The Human Touch: Why Authentic Communication Matters More Than Perfect Text
There’s something deeply unsettling about receiving messages that have been processed through artificial intelligence tools to polish the language. After much reflection, I’ve identified what creates this discomfort, particularly when it involves personal or workplace correspondence.
The fundamental issue lies in how AI processing strips away the authentic voice of the sender. Every word choice we make carries intention and meaning, even when those choices aren’t perfect. When artificial intelligence intervenes to ‘improve’ our communication, it fundamentally alters what we’re actually trying to convey.

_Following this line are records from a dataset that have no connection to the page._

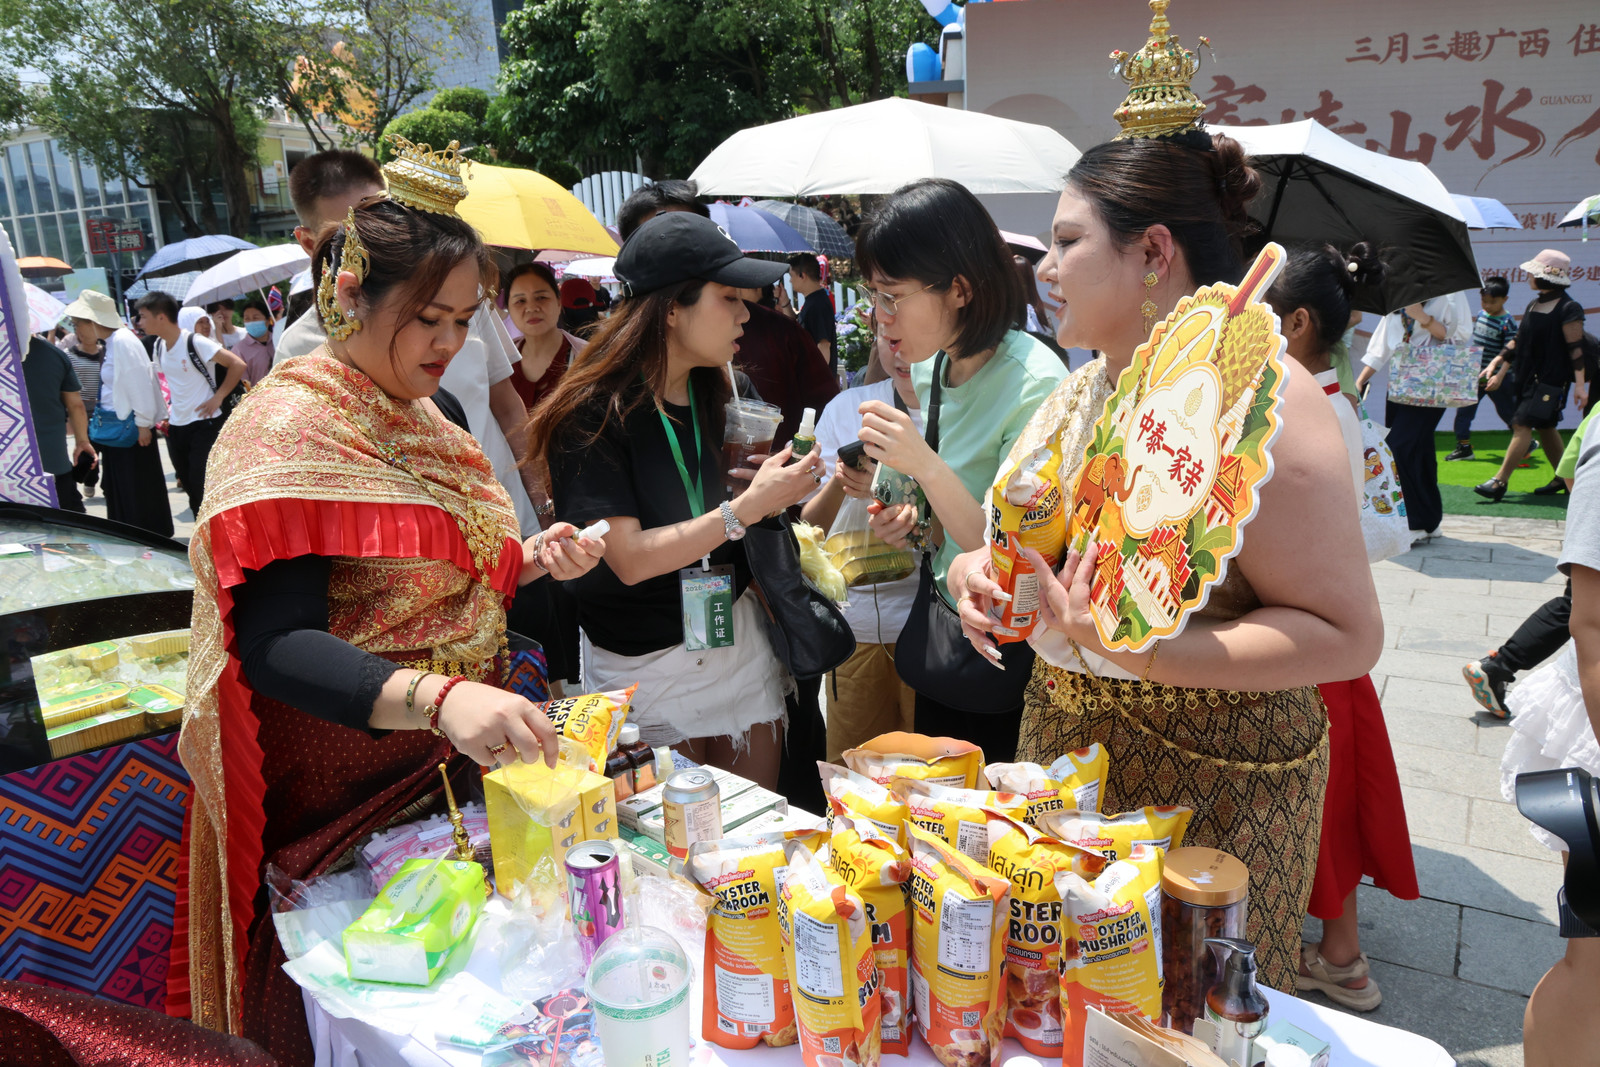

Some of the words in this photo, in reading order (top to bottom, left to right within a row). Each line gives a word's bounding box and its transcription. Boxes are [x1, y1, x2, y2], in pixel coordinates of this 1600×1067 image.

[1345, 28, 1550, 64] 三月三趣广西
[1539, 94, 1593, 106] GUANGXI
[1136, 408, 1206, 497] 中泰一家亲
[713, 602, 726, 638] 工作证
[1078, 921, 1148, 953] MUSHROOM
[1097, 911, 1142, 937] OYSTER
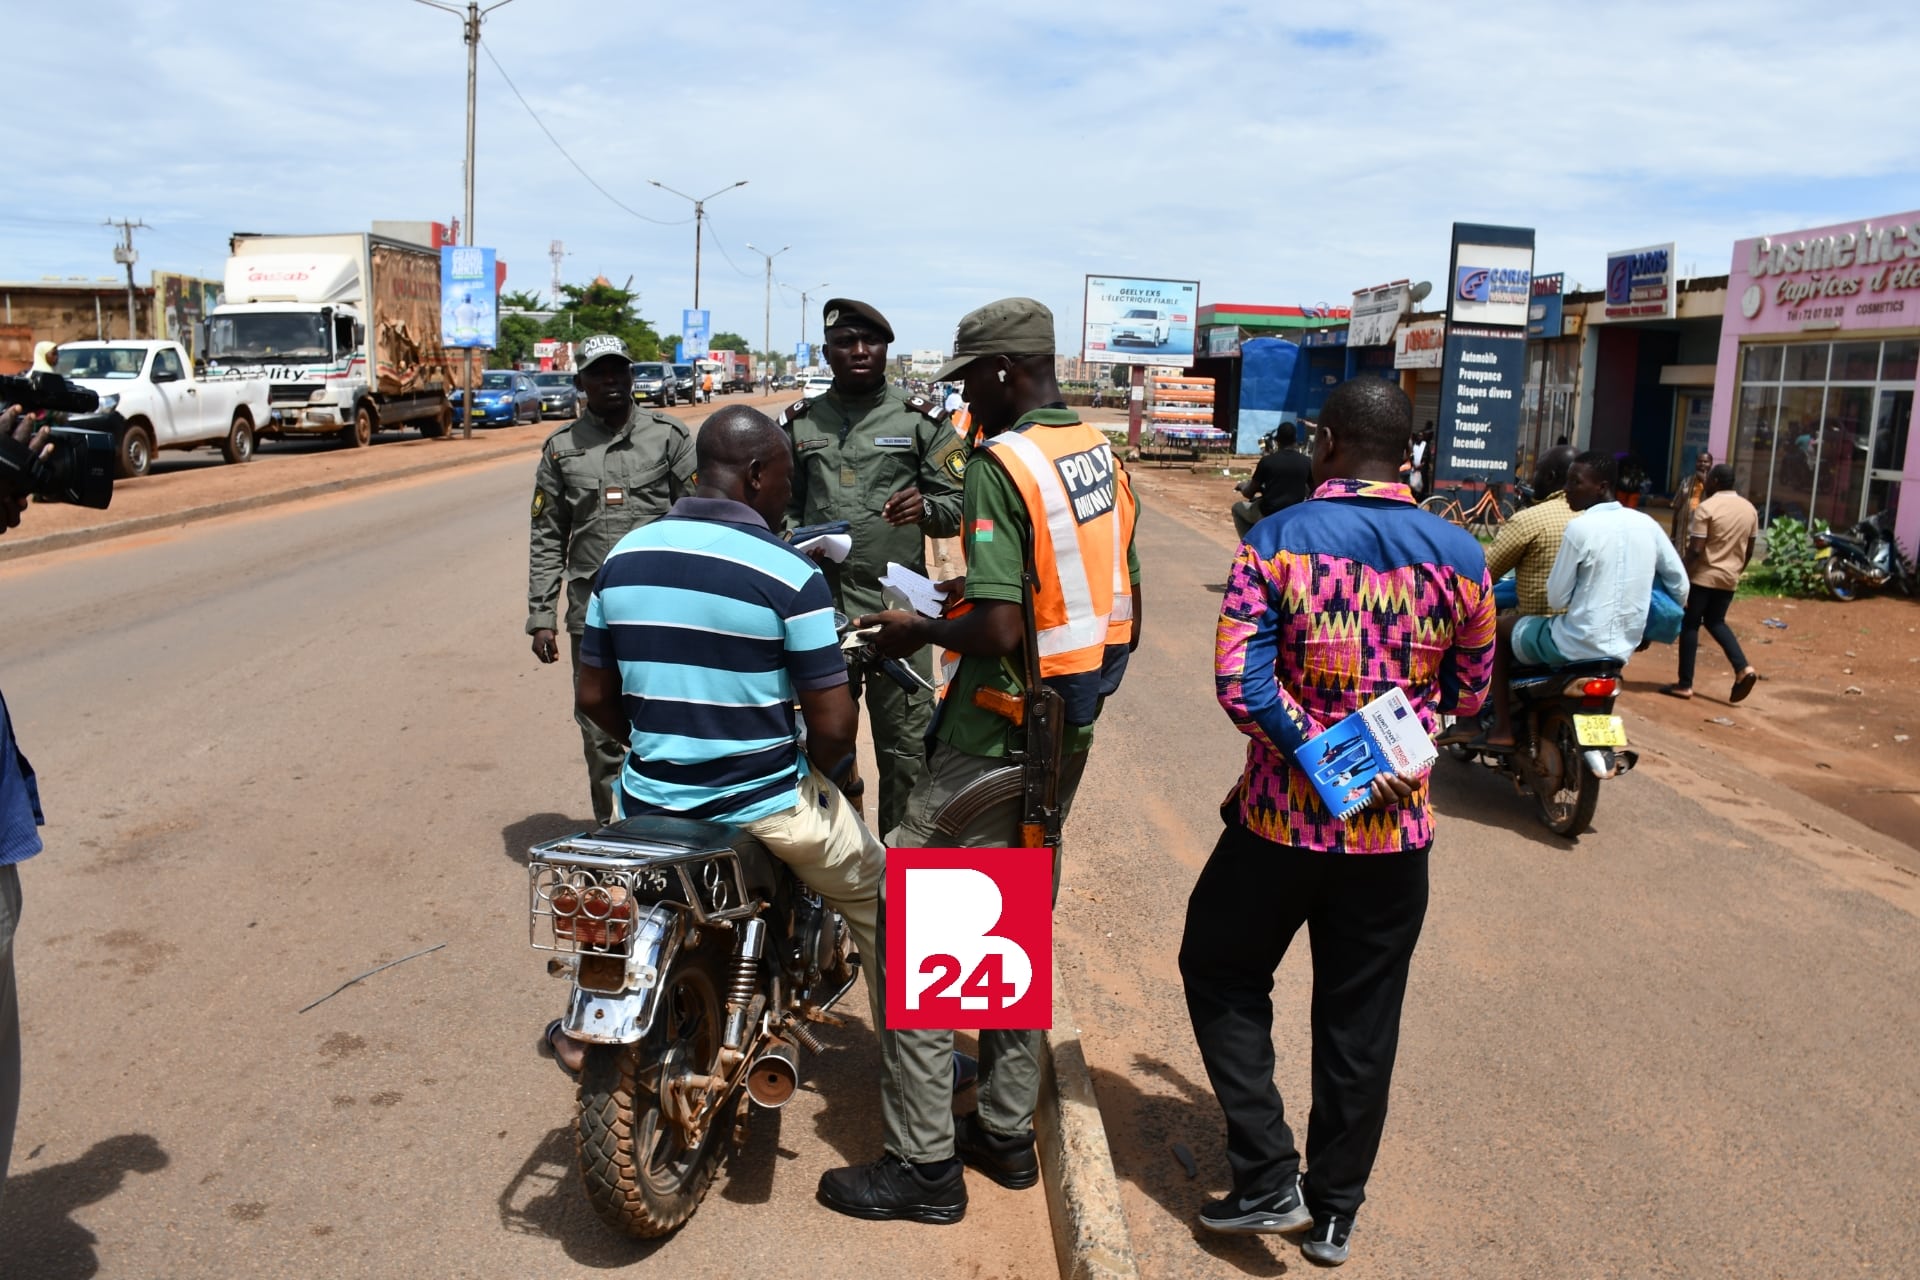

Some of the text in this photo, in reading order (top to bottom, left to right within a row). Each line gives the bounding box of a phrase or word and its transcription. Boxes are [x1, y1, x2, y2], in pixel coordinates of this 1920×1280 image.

[1749, 223, 1920, 278] Cosmetics
[1490, 268, 1530, 285] CORIS
[1120, 288, 1161, 297] GEELY EX5
[1775, 275, 1862, 307] Caprices
[1154, 297, 1179, 305] FIABLE
[1856, 301, 1904, 315] COSMETICS
[585, 337, 621, 352] POLICE
[1461, 350, 1498, 364] Automobile
[1459, 367, 1502, 383] Prevoyance
[1457, 384, 1512, 399] Risques divers
[1456, 402, 1479, 415] Santé
[1452, 436, 1486, 449] Incendie
[1451, 455, 1508, 470] Bancassurance
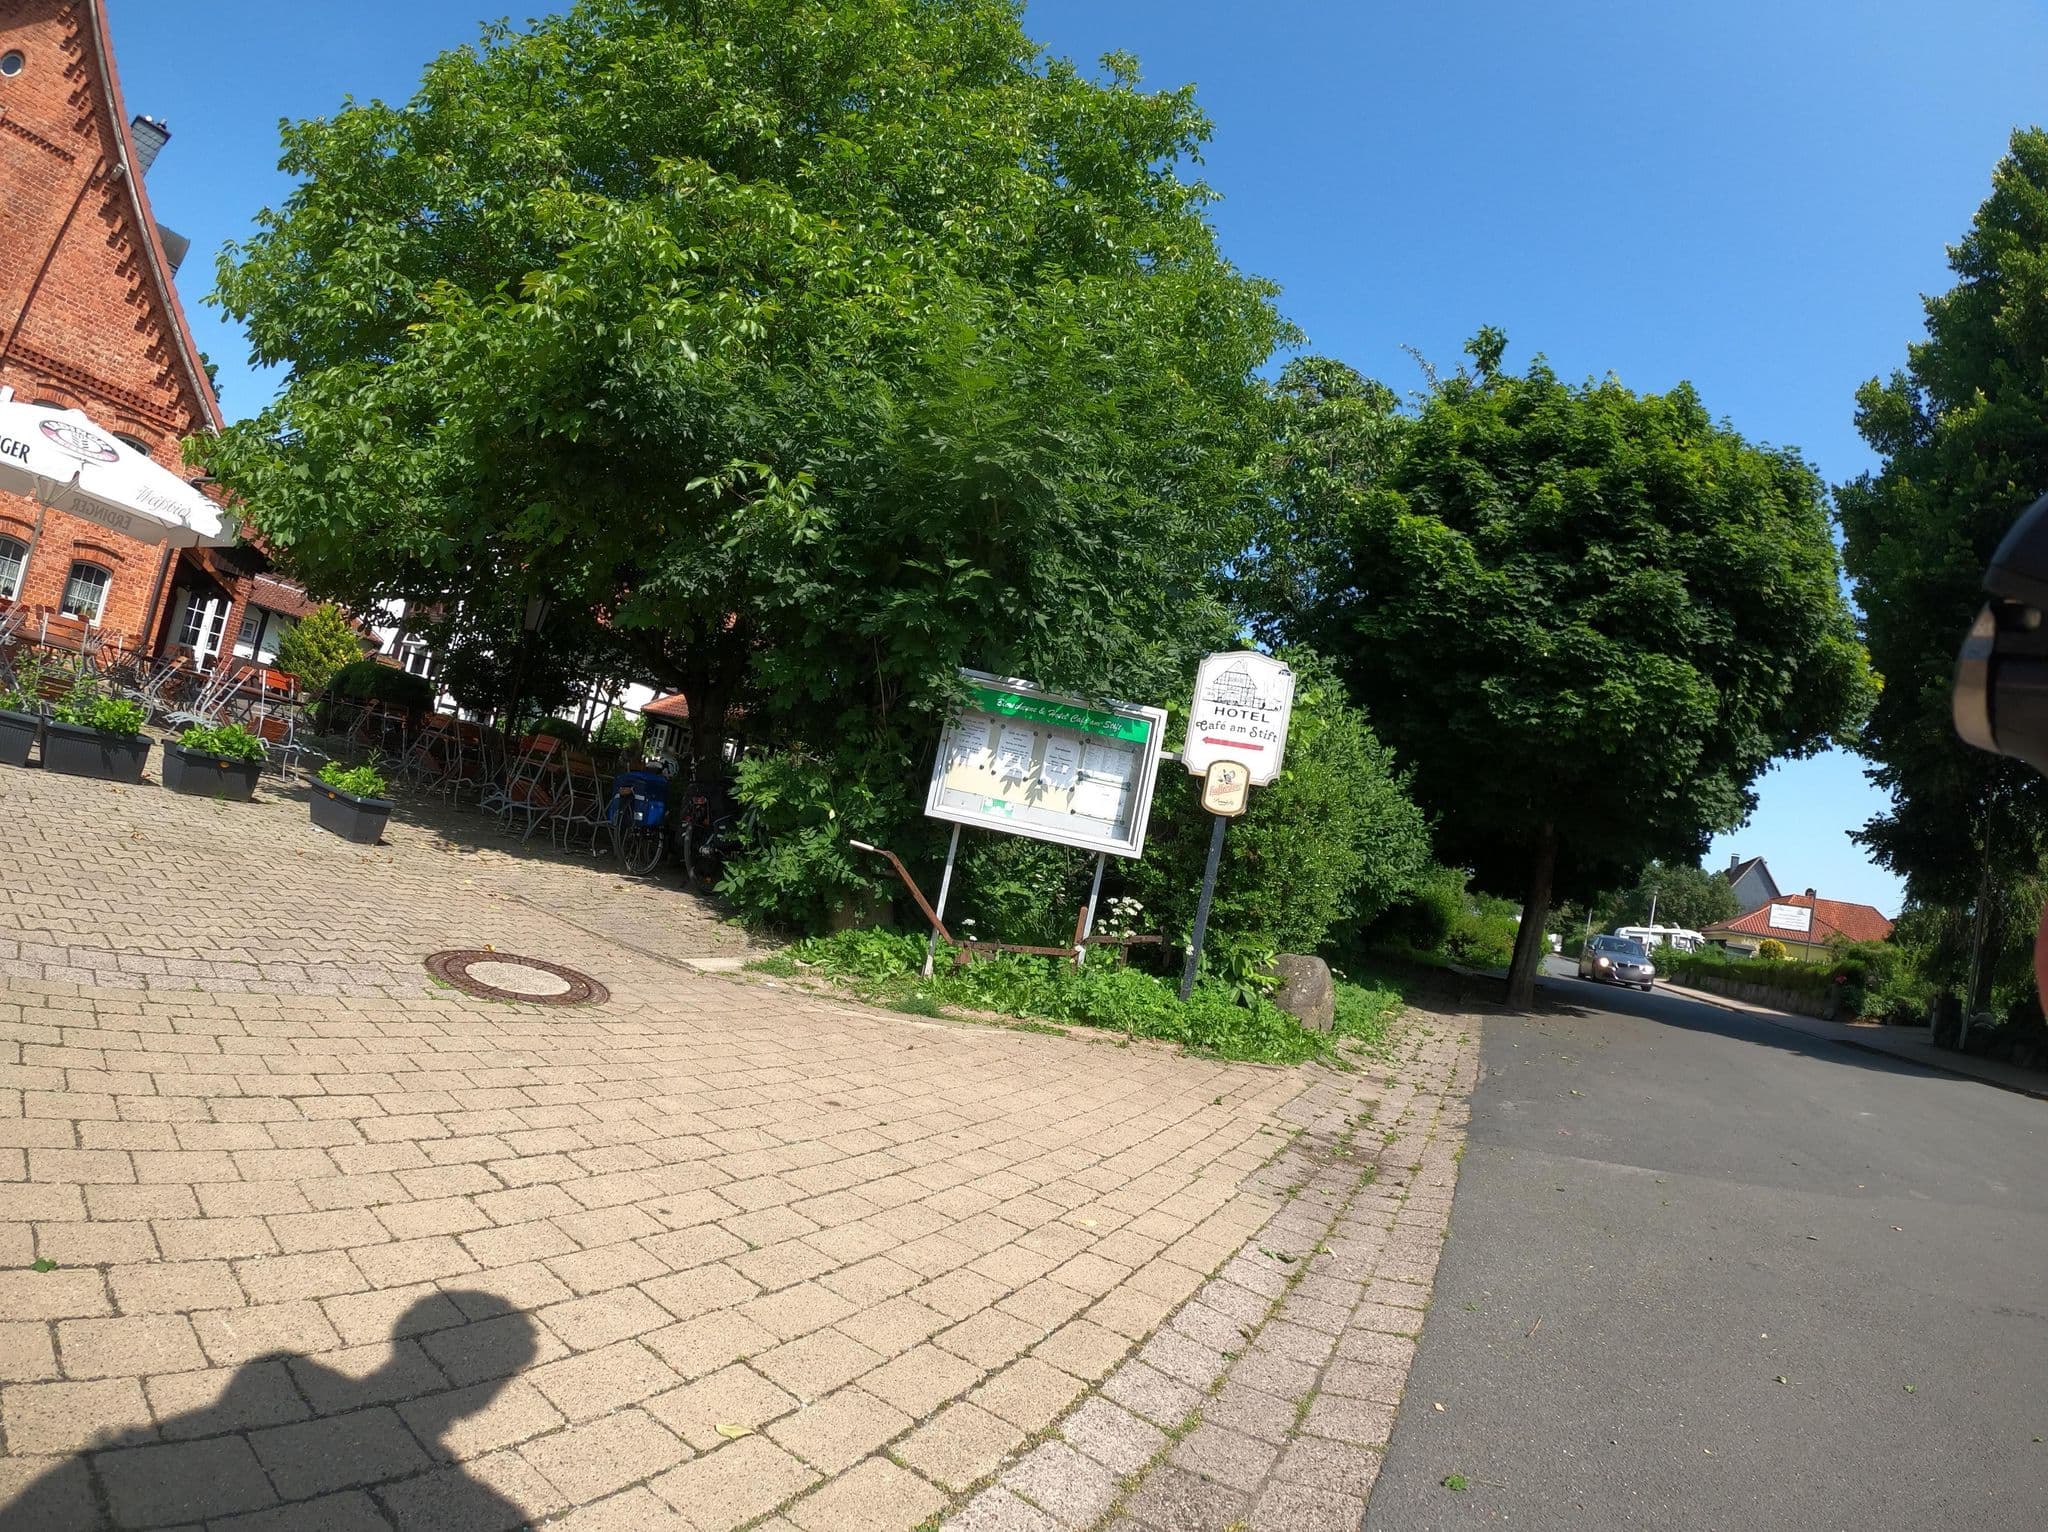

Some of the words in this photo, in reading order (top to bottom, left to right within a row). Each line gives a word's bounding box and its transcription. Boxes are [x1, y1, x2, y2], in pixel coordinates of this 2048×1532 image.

More significantly, this technological intervention disrupts something crucial in human interaction: our ability to truly understand one another through communication patterns. Over time, we develop an intricate understanding of how different people express themselves – their writing style, tone preferences, and unique ways of emphasizing points or leaving things unsaid.
This accumulated knowledge about individuals shapes how we interpret their messages. The same phrase can carry completely different emotional weight depending on who writes it. This contextual understanding develops through repeated interactions and helps us decode not just the literal meaning, but the underlying sentiment and intention.
When artificial intelligence standardizes communication, it breaks this delicate process of mutual understanding. It’s like trying to recognize someone’s voice through a generic filter – the essential characteristics that make communication personal and meaningful get lost in translation.
Rather than seeking technological perfection, embrace authentic expression. Use imperfect grammar, employ cultural idioms that might not translate perfectly, be overly direct or unnecessarily elaborate – these quirks and imperfections are features, not bugs. They allow others to understand not just your message, but you as a person.
Genuine communication requires vulnerability and authenticity. It means allowing others to witness our communication style, complete with its inconsistencies and peculiarities. This is how trust builds and relationships deepen through written exchange.